---- Data extracts

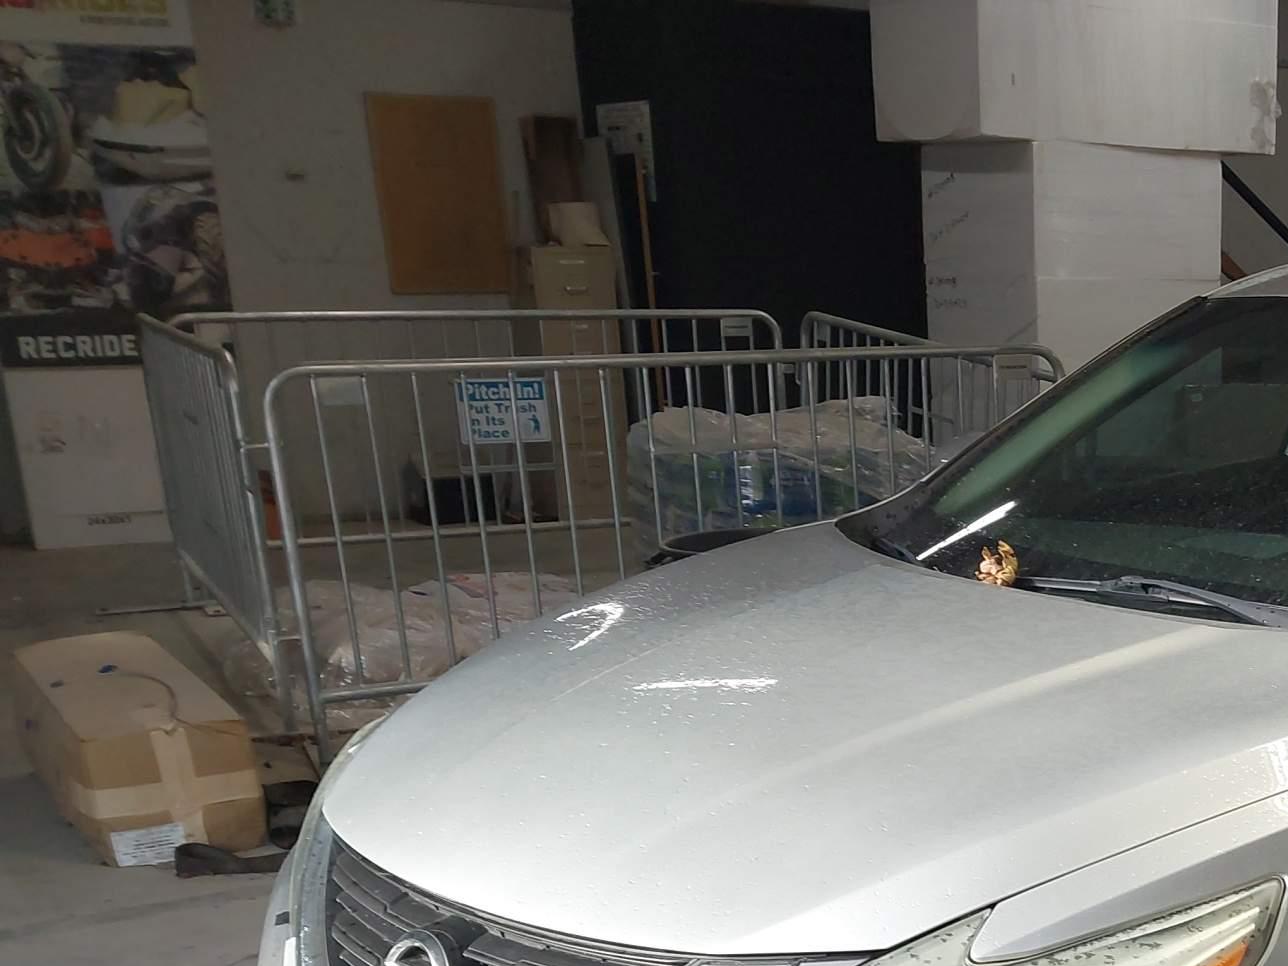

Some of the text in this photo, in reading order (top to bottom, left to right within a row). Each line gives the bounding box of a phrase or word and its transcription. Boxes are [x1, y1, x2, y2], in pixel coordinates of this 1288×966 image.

[516, 382, 540, 399] In!
[495, 402, 537, 414] Trsh
[486, 415, 505, 426] Its
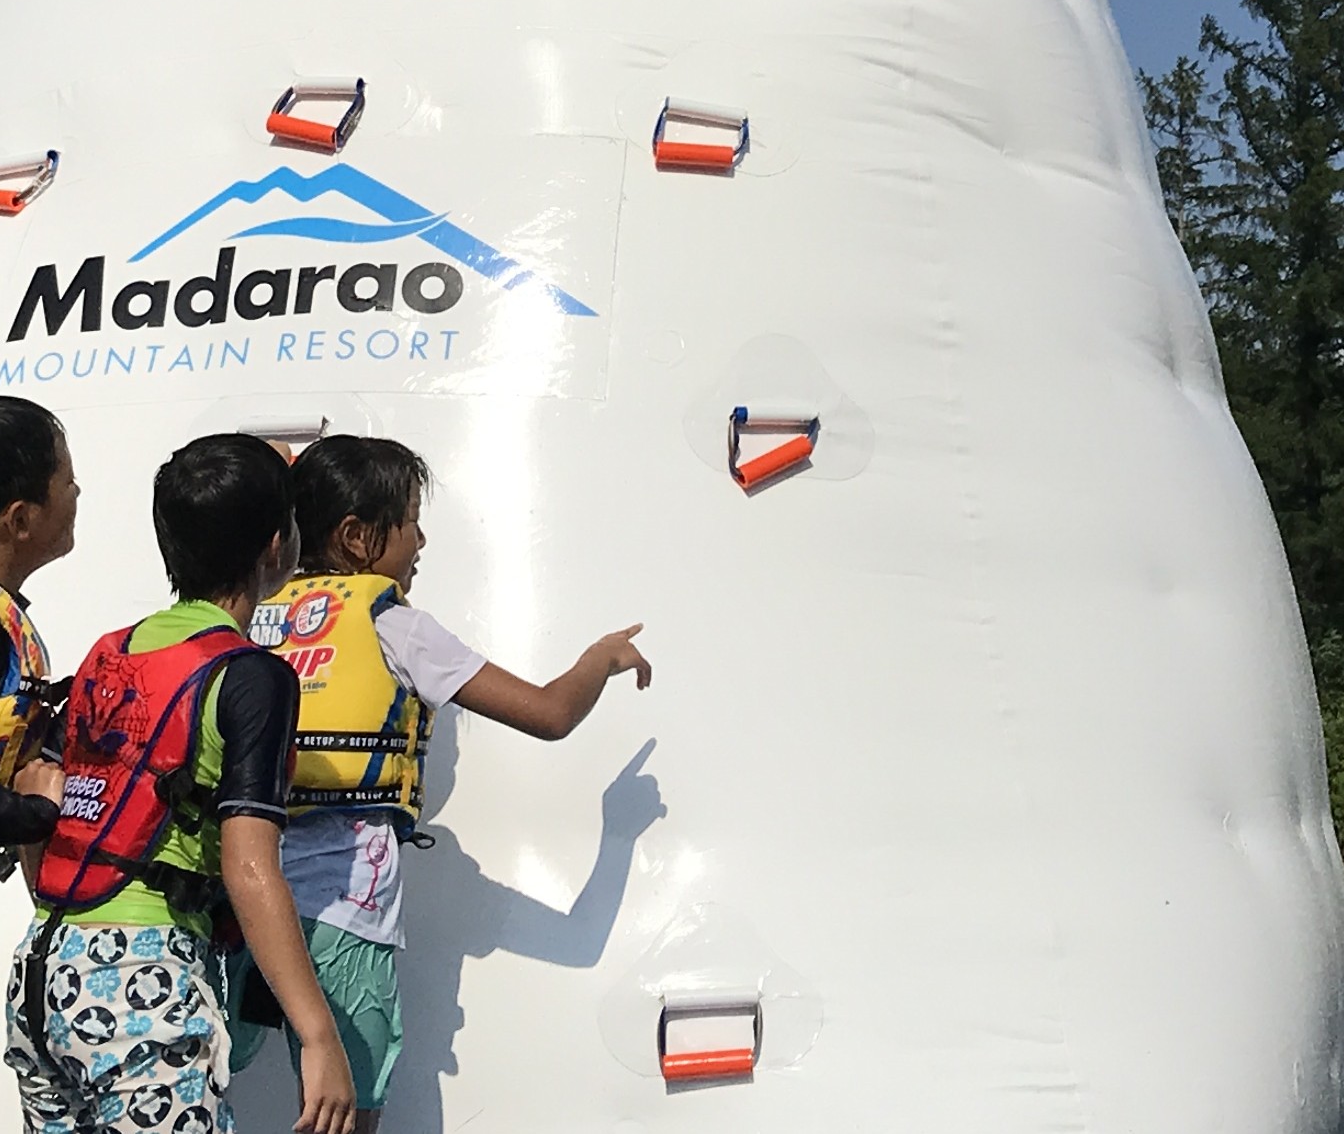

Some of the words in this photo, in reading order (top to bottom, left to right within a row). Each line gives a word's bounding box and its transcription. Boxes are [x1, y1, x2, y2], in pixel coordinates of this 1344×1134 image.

[6, 247, 463, 342] Madarao
[277, 330, 459, 361] RESORT
[250, 604, 290, 625] FETY
[64, 775, 107, 798] EBBED
[60, 796, 107, 821] NDER!
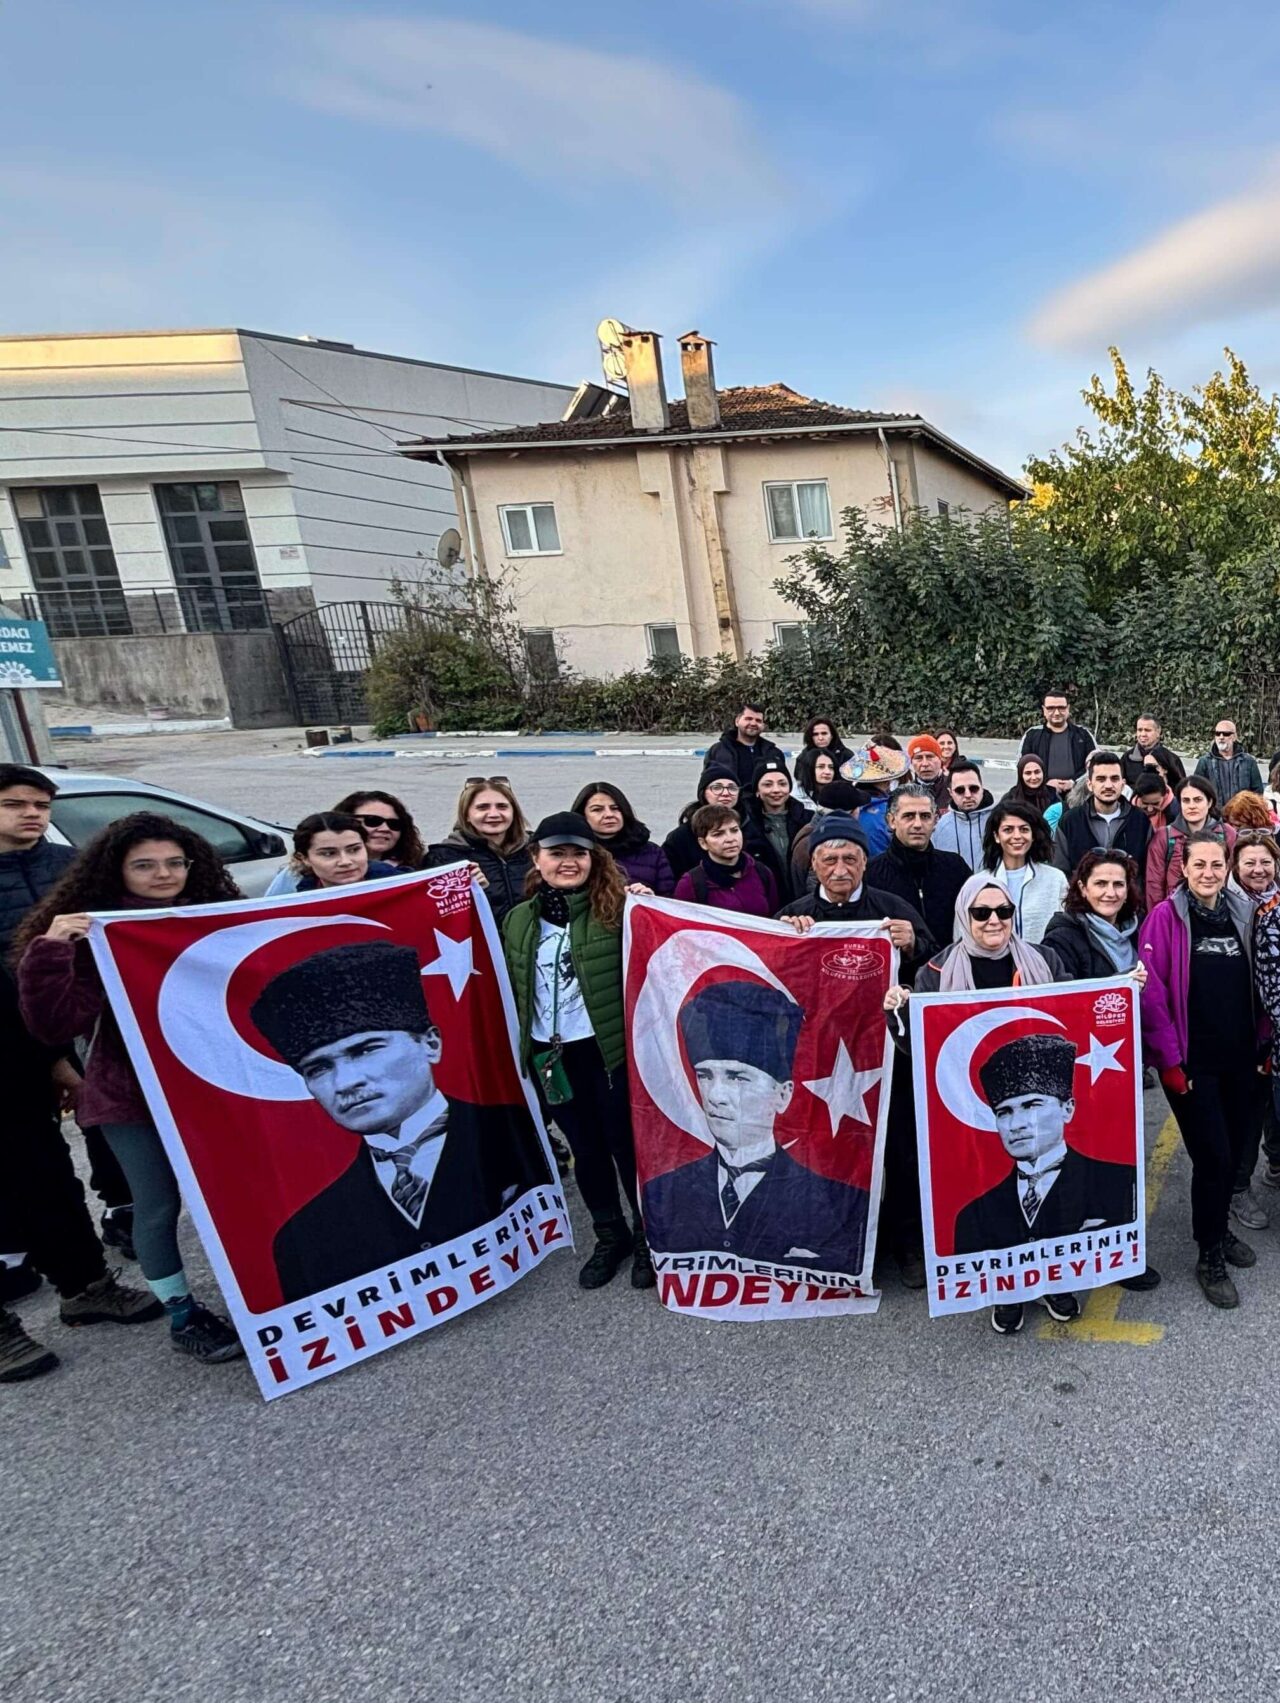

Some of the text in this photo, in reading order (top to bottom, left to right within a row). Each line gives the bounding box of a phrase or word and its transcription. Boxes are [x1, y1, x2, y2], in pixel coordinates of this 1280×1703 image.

[0, 641, 35, 654] EMEZ
[256, 1191, 565, 1348] DEVRİMLERİNİN
[936, 1229, 1139, 1277] DEVRİMLERİNİN

--------

Reproduce every entry word for word, but omit the pictures.

Some of the text in this photo, in reading order (top to bottom, left to right within a row). Each line gives the bounding box of a phrase or word and its transcription. Boxes are [x1, y1, x2, y2], in pixel coordinates of this 1288×966 image.

[516, 382, 540, 399] In!
[495, 402, 537, 414] Trsh
[486, 415, 505, 426] Its

Some of the words in this photo, in reading order (top to bottom, left to right within a row). Each line gives a word's bounding box and its transcription. Boxes are [x1, y1, x2, y2], in pixel coordinates of this 1344×1134 image.

[6, 247, 463, 342] Madarao
[277, 330, 459, 361] RESORT
[250, 604, 290, 625] FETY
[64, 775, 107, 798] EBBED
[60, 796, 107, 821] NDER!

Some of the text in this photo, in reading order (top to bottom, left to right within a row). Each line gives the bounding box of a phrase or word and its transcription. Boxes are [x1, y1, x2, y2], in pixel coordinates of this 1280×1703 image.

[0, 641, 35, 654] EMEZ
[256, 1191, 565, 1348] DEVRİMLERİNİN
[936, 1229, 1139, 1277] DEVRİMLERİNİN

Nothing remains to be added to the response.